Constantine wants to stop deportation flights, but can he?
Constantine wants to stop deportation flights, but can he? MANOP1984 / GETTY IMAGES

The Trump administration uses a long list of tools in their cruel campaign against migrants, but one of their most effective local tools might come as a surprise to Seattleites. We may be living in a sanctuary city but our government-owned airport, Boeing Field, is playing a central role in Trump’s deportation campaign.

King County’s airport has been used to shuttle 34,400 people on their way to deportations in the last ten years, according to a new report from the University of Washington’s Center for Human Rights (UWCHR). The researchers found that Boeing Field was used in some of the most troubling deportation cases, including to deport minors and to send people back to places like Mauritania where they could face enslavement. Some migrants sent through King County eventually ended up on a flight to Somalia in 2017 where they were allegedly kicked, beaten, placed in full-body restraints, and denied the use of a restroom.

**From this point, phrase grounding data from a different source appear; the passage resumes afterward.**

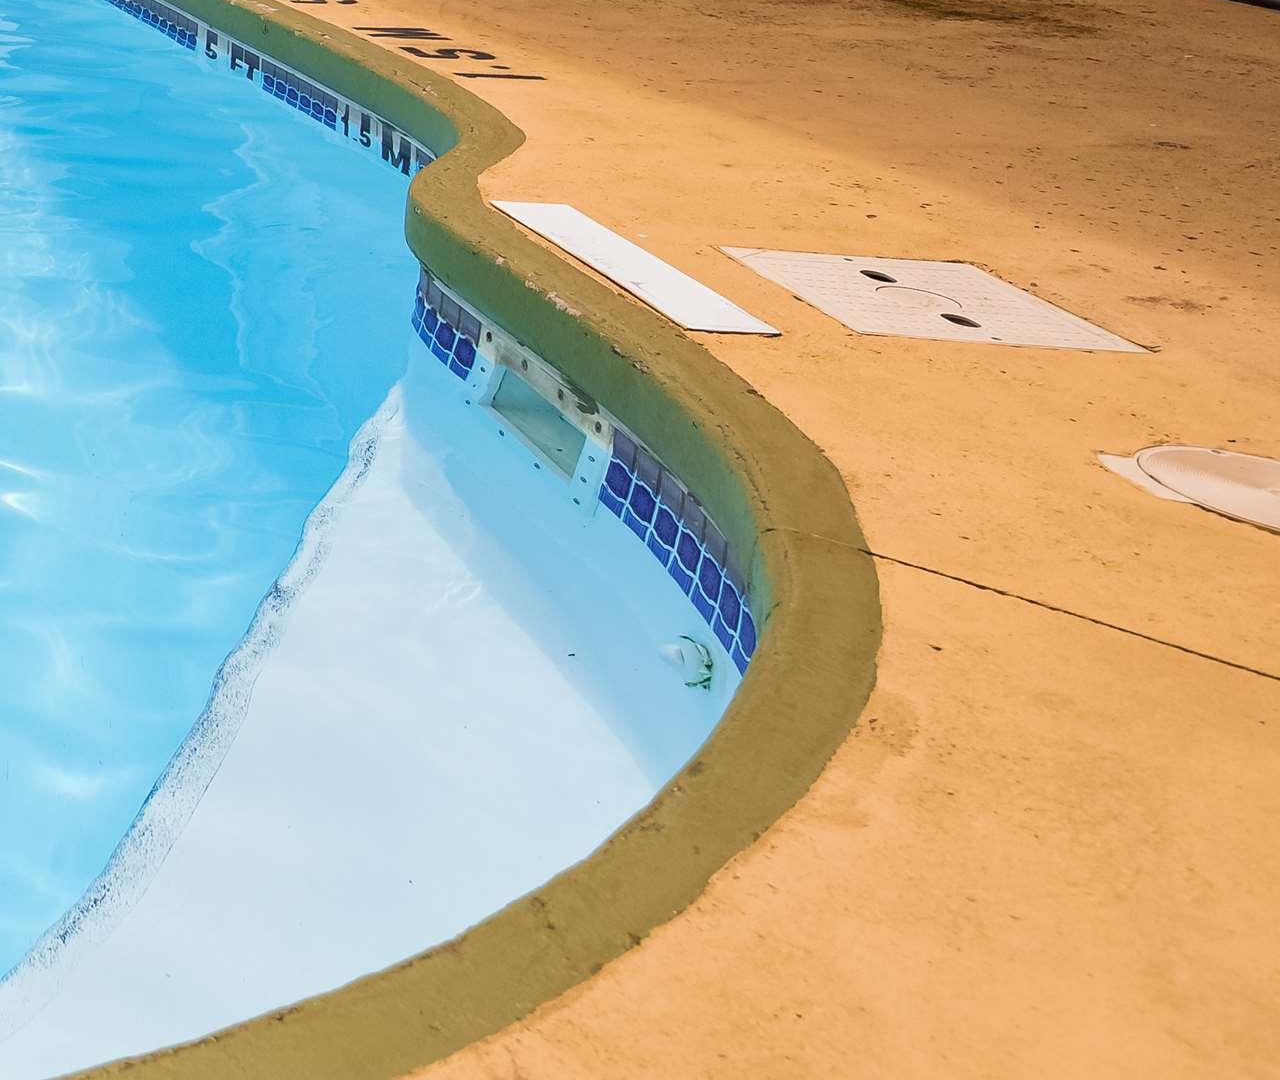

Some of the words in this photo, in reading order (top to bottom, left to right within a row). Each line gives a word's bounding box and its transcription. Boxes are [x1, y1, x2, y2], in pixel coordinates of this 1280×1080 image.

[205, 28, 218, 61] 5
[230, 42, 259, 82] FT
[353, 26, 453, 41] M
[341, 104, 371, 148] 1.5
[381, 123, 411, 177] M

King County Executive Dow Constantine appears to be troubled by this report. He signed a new executive order and called a press conference one day before this UW report was released to announce that the airport would no longer support ICE’s deportation activities. The move was cheered by migrant activists and appears to be the first time a local government has taken the fight against ICE to the use of an airport, but there remains a big glaring question: can Constantine actually stop these flights?

There's a number of reasons to be skeptical of Constantine’s latest promise.

The first reason? The county government refuses to give any estimate as to when they will actually be able to stop the flights, only that they are working on it.

The second reason? This isn’t the first time Constantine has made this promise. In June of last year Constantine publicly acknowledged these flights and said he was doing “everything in my power” to make sure Boeing Field “is not being used to perpetuate this brutality against people.” It’s not clear exactly what Constantine did in those intervening ten months. Constantine declined through a spokesperson to be interviewed for this story or explain what work he had done since making his public promise.

But what is clear is that Boeing Field remained a hub for deportations. There were at least 1,761 detainees transported on 27 ICE flights at Boeing Field between Constantine’s public promise to do everything he could and December of 2018, the last date in the UW dataset, according to Phil Neff, a spokesperson for UWCHR.

Interestingly, Constantine’s office also repeatedly told UWCHR’s researchers following his public promise that “it wasn’t possible to stop the flights because of existing obligations they had to the federal government,” according to Angelina Snodgrass Godoy, the center’s director.

So what changed to suddenly make Constantine confident he could do something? Perhaps he found a new legal route or perhaps UWCHR’s damning report spurred the executive to take some action. Godoy said her organization had shared a draft of the report with Constantine’s office but had no idea that his office was going to preempt their report with their own announcement.

“We were not expecting the announcement [Tuesday]. We had no information about that. But the county had access to a draft version of our report,” Neff said.

Dow Constantine nows how to get on a bus.
Dow Constantine earlier this year. Lester Black

Godoy said she was "delighted" to see Constantine's order but cautioned that it offered no guarantees that the flights would end.

“I don’t think anybody thinks that this executive order in and of itself can stop the flights, they are expressing their goal to stop the flights. What those next steps are is hugely important,” Godoy said.

Godoy said if people actually want to see these flights stop they are going to need to remain engaged and hold the county to its word. So how exactly does Constantine think he can stop these flights?

Aim For the Lease Agreements

King County is not able to outright ban these flights, according to John Parrot, the airport’s director. But Parrot said at a press conference Tuesday that instead of outright banning the flights, the county is going to use the lease agreements these companies have to stop the practice of deporting people through Boeing Field.

“We’re not saying these flights can’t come in. We are saying those that have agreements with us have to abide by certain standards,” Parrot said Tuesday.

The county says they plan on renegotiating these lease agreements to explicitly prohibit these companies from “providing aeronautical or non-aeronautical services to enterprises engaged in the business of deporting immigration detainees…” according to Constantine’s executive order. This was one of the legal routes that the UWCHR authors directly pointed out as a viable method for curbing the flights, but will it actually work and how long will it take? That’s anyone’s guess.

Cameron Satterfield, a spokesperson for the airport, said there were around 150 such contracts at the airport that expire at a wide variety of times, from the end of this year to decades out into the future. Satterfield is not clear how soon they will be able to update the terms of the leases.

“It just depends on the language in the lease, so that is what we are now exploring is what we can do under the terms of the lease as they are and whether we will have to renegotiate later,” Satterfield.

Satterfield said he “wouldn’t even hazard a guess” as to how long before these flights are actually stopped.